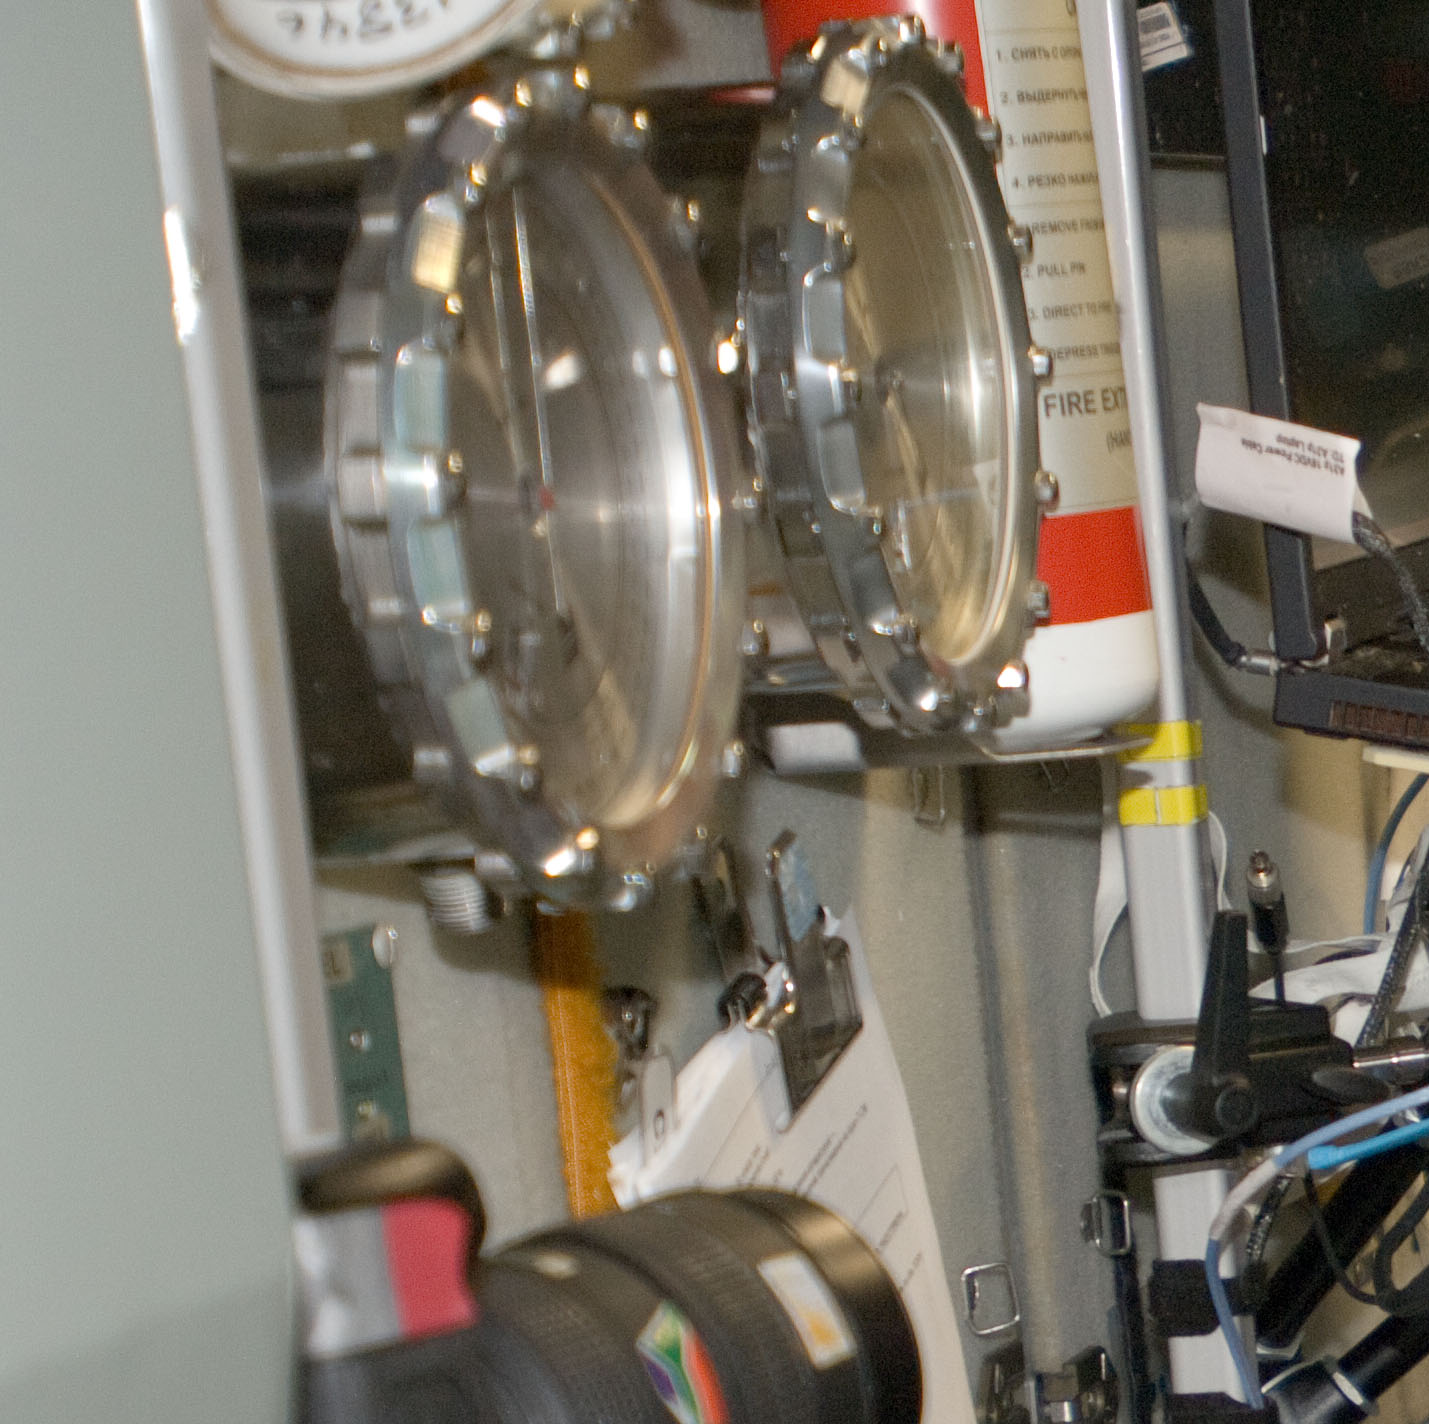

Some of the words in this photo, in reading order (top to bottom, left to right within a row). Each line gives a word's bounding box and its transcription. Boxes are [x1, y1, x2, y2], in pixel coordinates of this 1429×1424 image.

[1037, 263, 1069, 278] PULL
[1042, 304, 1085, 320] DIRECT
[1043, 389, 1097, 418] FIRE
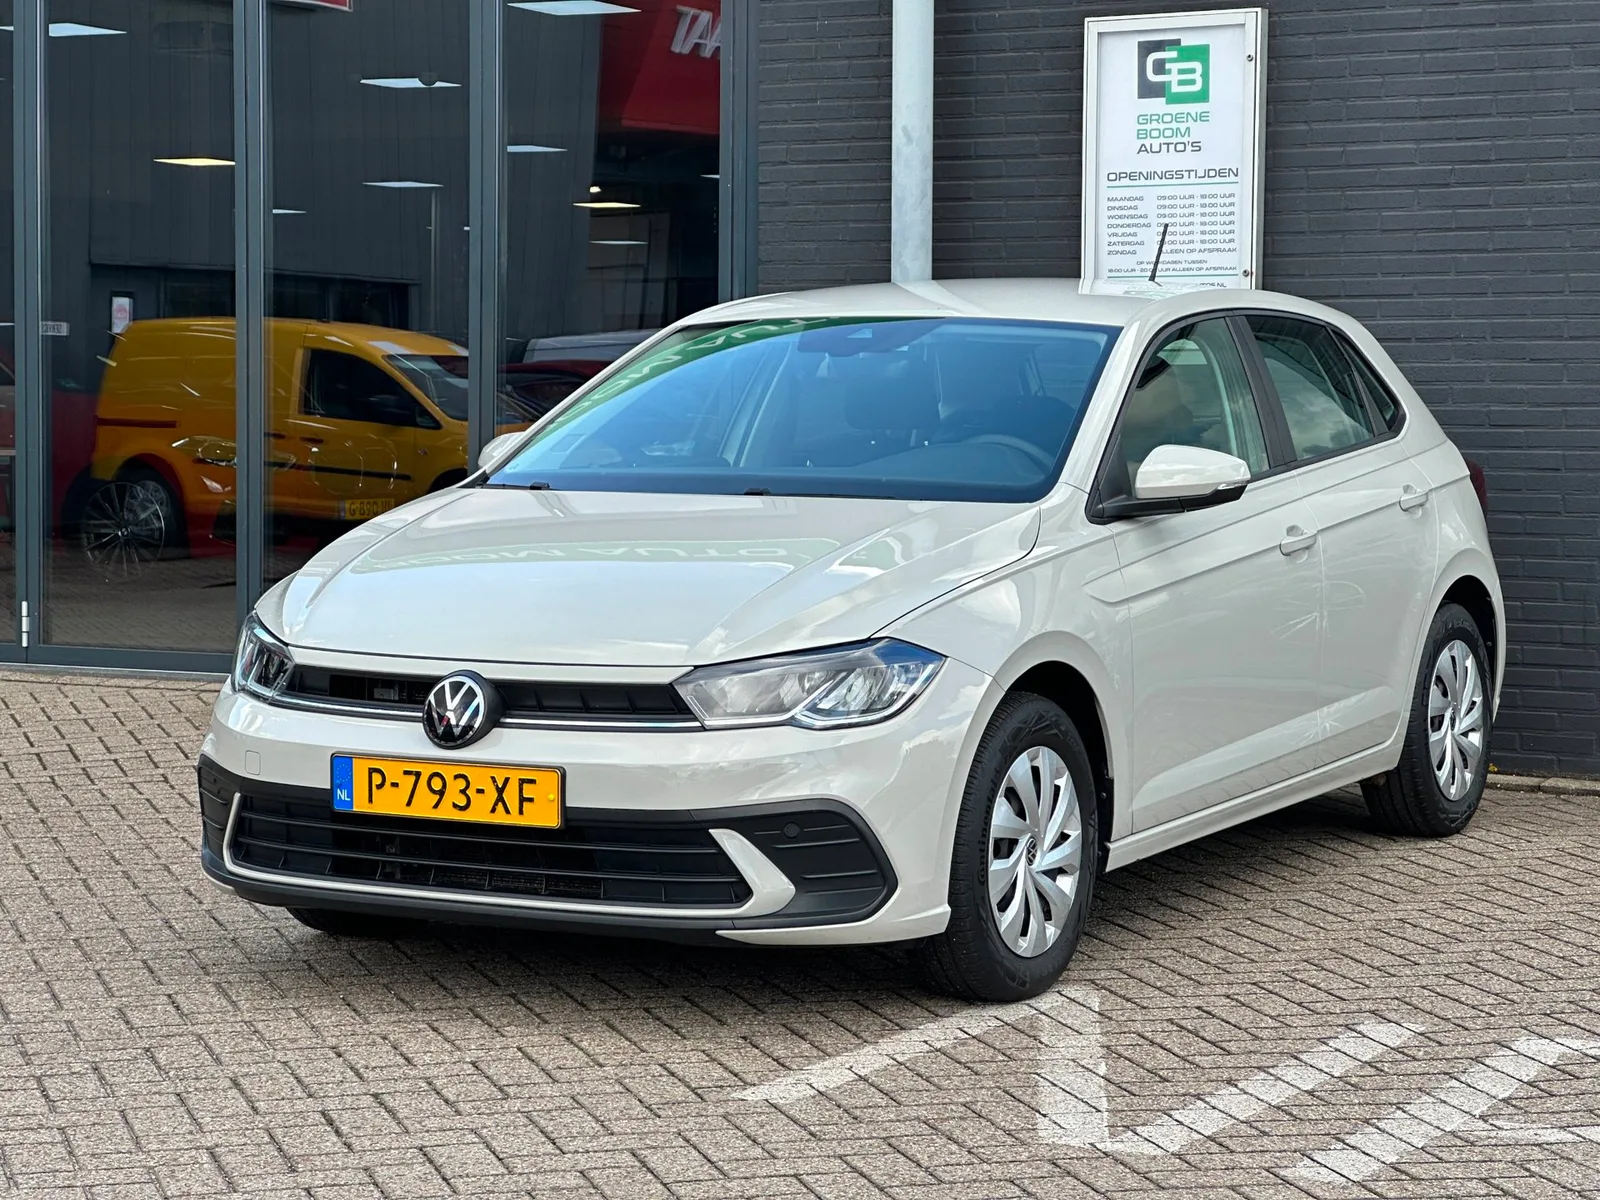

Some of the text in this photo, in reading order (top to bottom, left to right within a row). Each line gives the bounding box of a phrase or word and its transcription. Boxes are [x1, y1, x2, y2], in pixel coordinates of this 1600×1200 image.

[1137, 111, 1210, 125] GROENE
[1136, 127, 1191, 140] BOOM
[1137, 141, 1202, 154] AUTO'S
[1107, 168, 1239, 182] OPENINGSTIJDEN
[337, 788, 350, 801] NL
[367, 767, 537, 816] P-793-XF
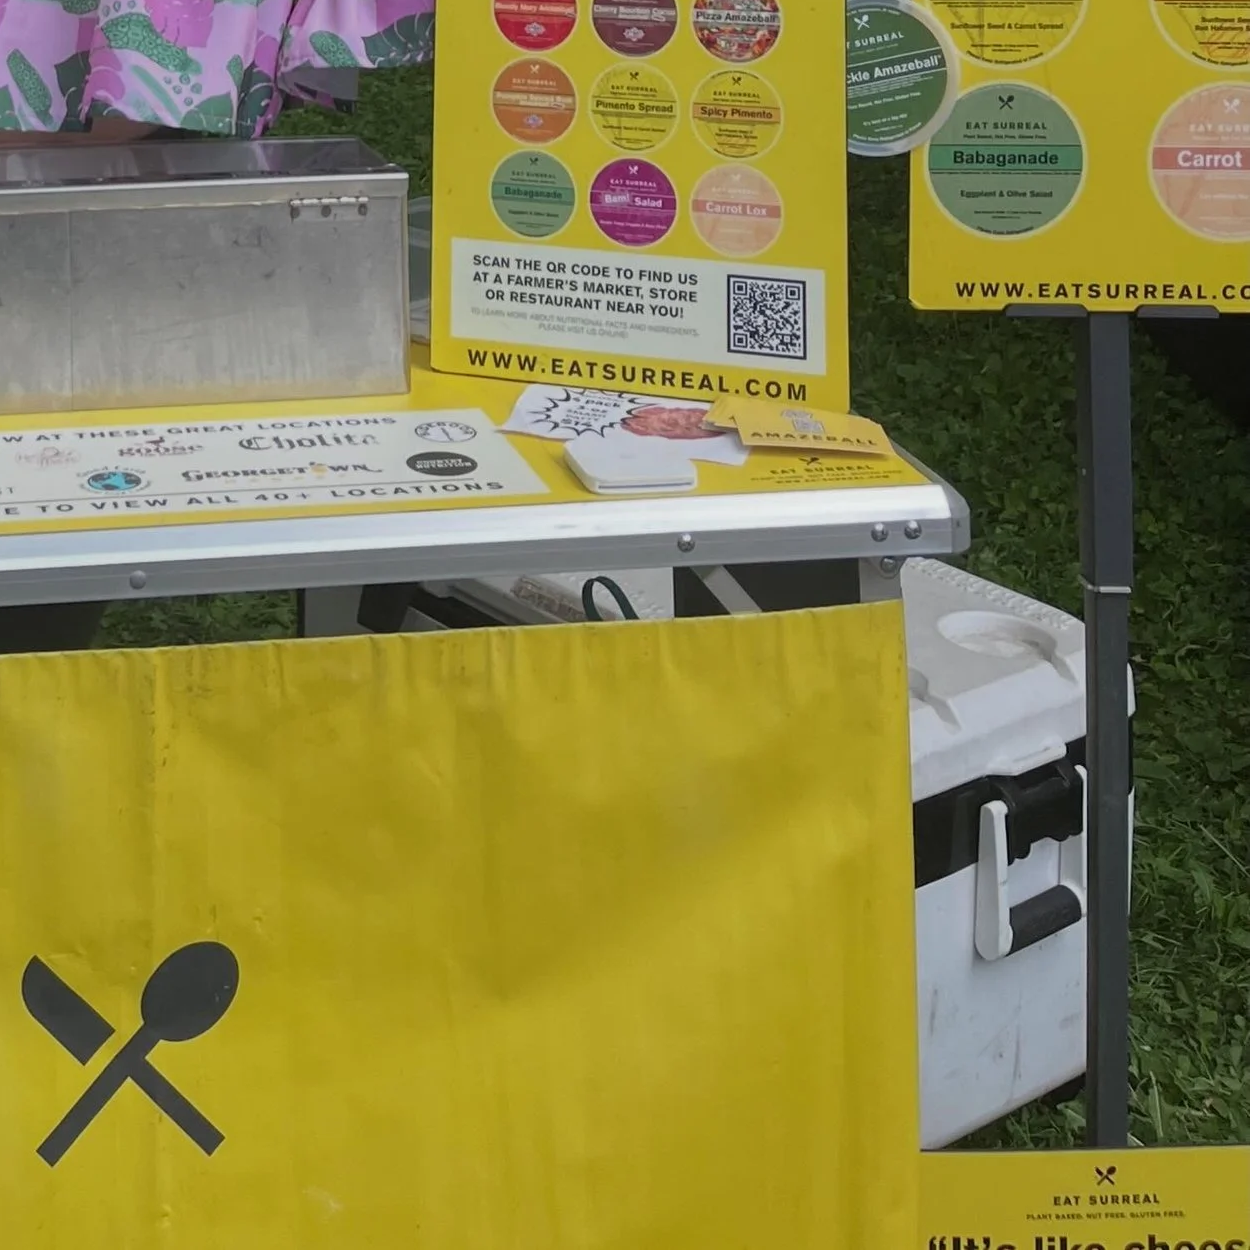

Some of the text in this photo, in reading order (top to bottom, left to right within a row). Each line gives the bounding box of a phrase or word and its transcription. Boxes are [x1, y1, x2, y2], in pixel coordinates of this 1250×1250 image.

[854, 30, 905, 48] SURREAL
[873, 54, 939, 79] Amazeball
[953, 150, 1059, 169] Babaganade
[1177, 149, 1243, 168] Carrot
[473, 254, 698, 286] SCAN THE QR CODE TO FIND US
[473, 271, 698, 303] AT A FARMER'S MARKET, STORE
[955, 282, 1250, 301] WWW.EATSURREAL.CO
[485, 289, 684, 319] OR RESTAURANT NEAR YOU!
[507, 311, 528, 320] MORE
[529, 312, 555, 323] ABOUT
[605, 319, 628, 330] FACTS
[630, 321, 647, 331] AND
[467, 347, 808, 402] WWW.EATSURREAL.COM
[35, 433, 63, 442] AT
[77, 427, 156, 440] THESE
[167, 424, 245, 435] GREAT
[258, 417, 398, 430] LOCATIONS
[751, 431, 879, 447] AMAZEBALL
[37, 503, 75, 514] TO
[90, 497, 169, 511] VIEW
[186, 494, 239, 506] ALL
[254, 492, 310, 502] 40+
[330, 481, 505, 498] LOCATIONS
[1053, 1193, 1160, 1207] EAT SURREAL

[EXERCISE PROMPT] What is needed is the data above, retyped exactly, with every picture left out.

[EXPECTED ANSWER]
Some of the words in this photo, in reading order (top to bottom, left to right within a row). Each line gives a word's bounding box and its transcription. Boxes are [x1, y1, x2, y2], in pixel coordinates of this 1429×1424 image.

[1037, 263, 1069, 278] PULL
[1042, 304, 1085, 320] DIRECT
[1043, 389, 1097, 418] FIRE

Some of the text in this photo, in reading order (top to bottom, left to right within a row). Each line gives the bounding box of a phrase or word and its transcription. Boxes are [x1, y1, x2, y2], in pixel coordinates of this 1600×1200 image.

[1137, 111, 1210, 125] GROENE
[1136, 127, 1191, 140] BOOM
[1137, 141, 1202, 154] AUTO'S
[1107, 168, 1239, 182] OPENINGSTIJDEN
[337, 788, 350, 801] NL
[367, 767, 537, 816] P-793-XF

Some of the text in this photo, in reading order (top to bottom, left to right within a row). Each line gives the bounding box of a phrase or word and its transcription. Boxes are [x1, y1, x2, y2], in pixel coordinates of this 1250×1250 image.

[854, 30, 905, 48] SURREAL
[873, 54, 939, 79] Amazeball
[953, 150, 1059, 169] Babaganade
[1177, 149, 1243, 168] Carrot
[473, 254, 698, 286] SCAN THE QR CODE TO FIND US
[473, 271, 698, 303] AT A FARMER'S MARKET, STORE
[955, 282, 1250, 301] WWW.EATSURREAL.CO
[485, 289, 684, 319] OR RESTAURANT NEAR YOU!
[507, 311, 528, 320] MORE
[529, 312, 555, 323] ABOUT
[605, 319, 628, 330] FACTS
[630, 321, 647, 331] AND
[467, 347, 808, 402] WWW.EATSURREAL.COM
[35, 433, 63, 442] AT
[77, 427, 156, 440] THESE
[167, 424, 245, 435] GREAT
[258, 417, 398, 430] LOCATIONS
[751, 431, 879, 447] AMAZEBALL
[37, 503, 75, 514] TO
[90, 497, 169, 511] VIEW
[186, 494, 239, 506] ALL
[254, 492, 310, 502] 40+
[330, 481, 505, 498] LOCATIONS
[1053, 1193, 1160, 1207] EAT SURREAL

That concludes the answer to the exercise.